Determination of the 3D structure of all proteins, aimed by Structural Genomics, seems to be an unachievable goal with only the current x-ray crystallography or NMR technologies, as signified by a low success rate of 3-5% to obtain genome-wide 3D protein structures (Yee et al., 2003). Moreover, the structural proteomics of biological complexes is expected to be a far more daunting process (Sall, 2003).

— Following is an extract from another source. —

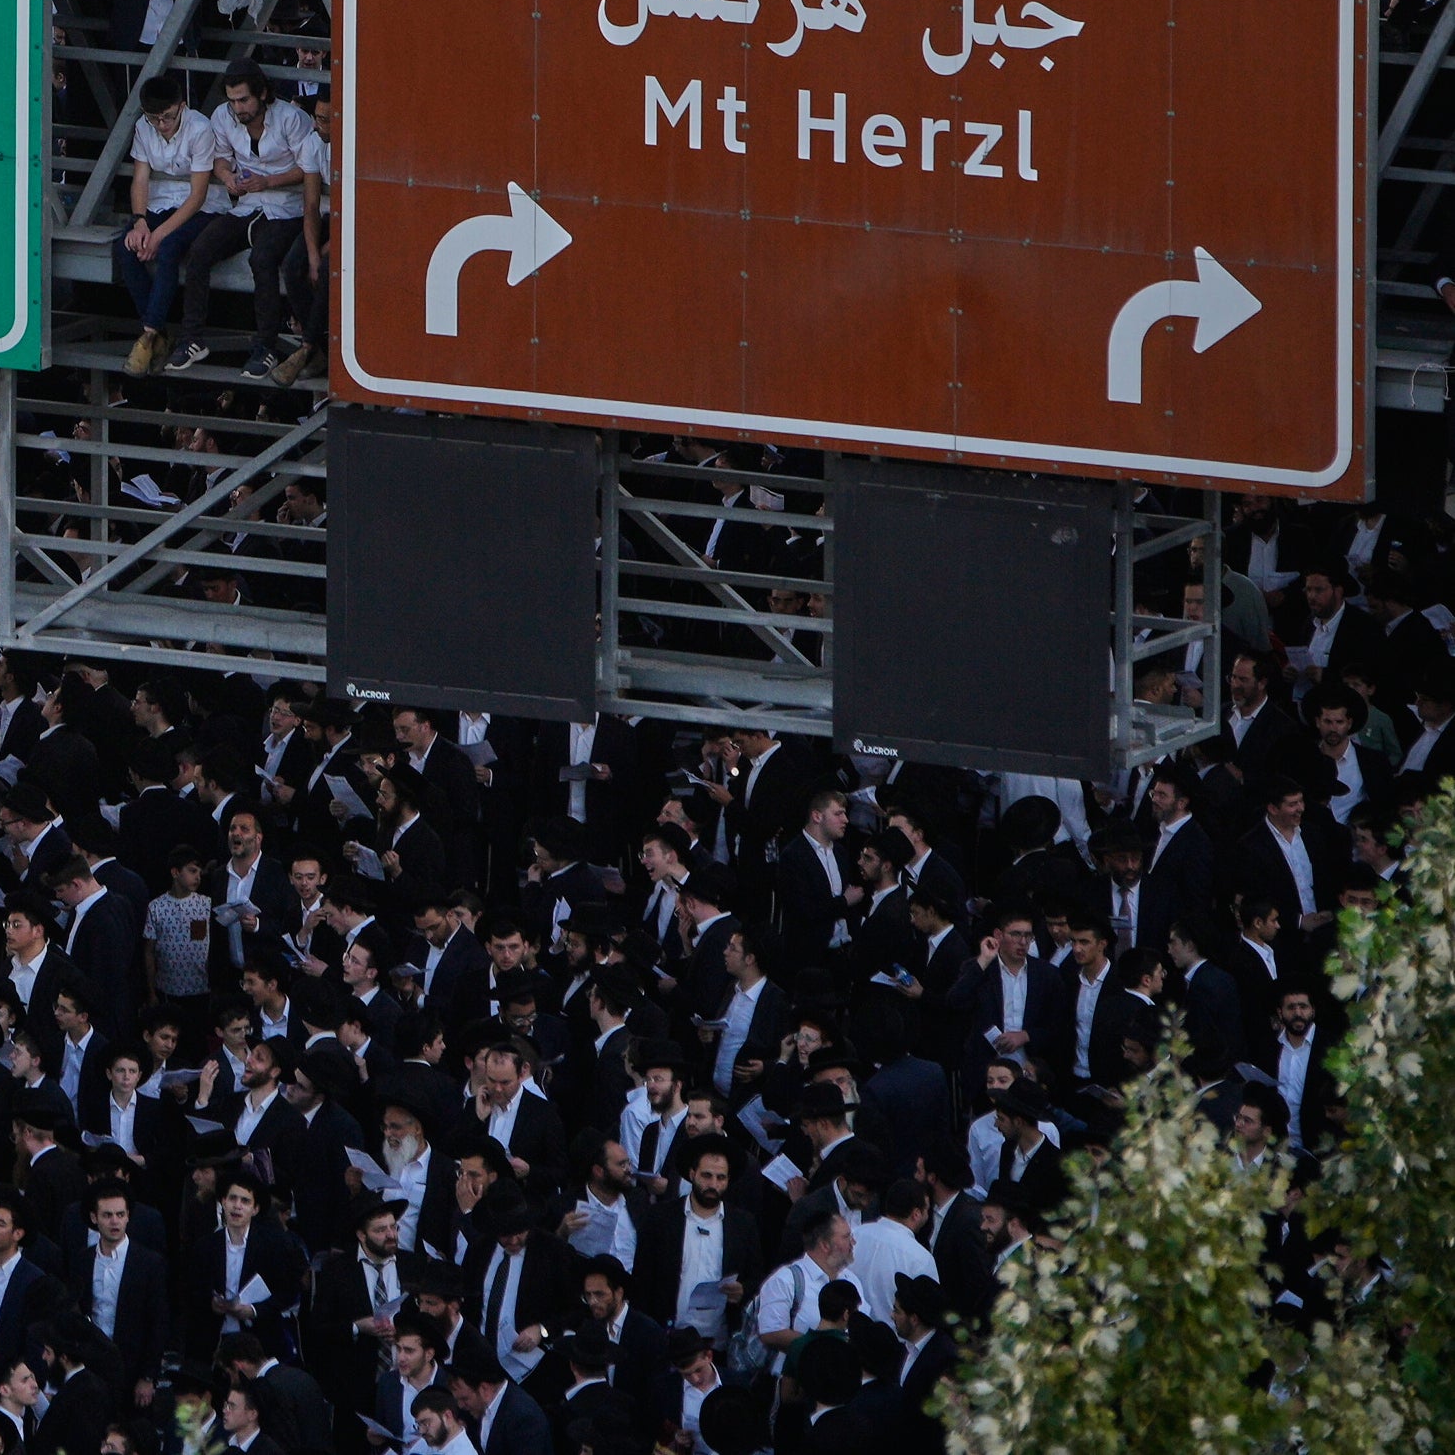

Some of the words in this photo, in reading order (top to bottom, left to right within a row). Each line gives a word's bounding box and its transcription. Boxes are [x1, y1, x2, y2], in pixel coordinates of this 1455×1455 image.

[644, 75, 747, 154] Mt
[798, 89, 1039, 182] Herzl
[356, 689, 391, 701] LACROIX
[863, 746, 898, 757] LACROIX

Chemical cross-linking of intact proteins or protein complexes, followed by enzymatic digestion and mass spectrometric analysis (Figure 11) has been suggested as a low-resolution alternative (Sinz, 2006; Lee, 2008). This technique has been successfully utilized to provide protein structures and protein-protein interactions. It has also been utilized to construct high resolution protein structure by combining with x-ray crystallography of N- and C-terminal domains (Forwood et al., 2007). However, inherent difficulty in finding low abundance cross-linked peptides out of thousands of other coexisting non-cross-linked peptides has been a bottleneck in its further development (Sinz, 2006).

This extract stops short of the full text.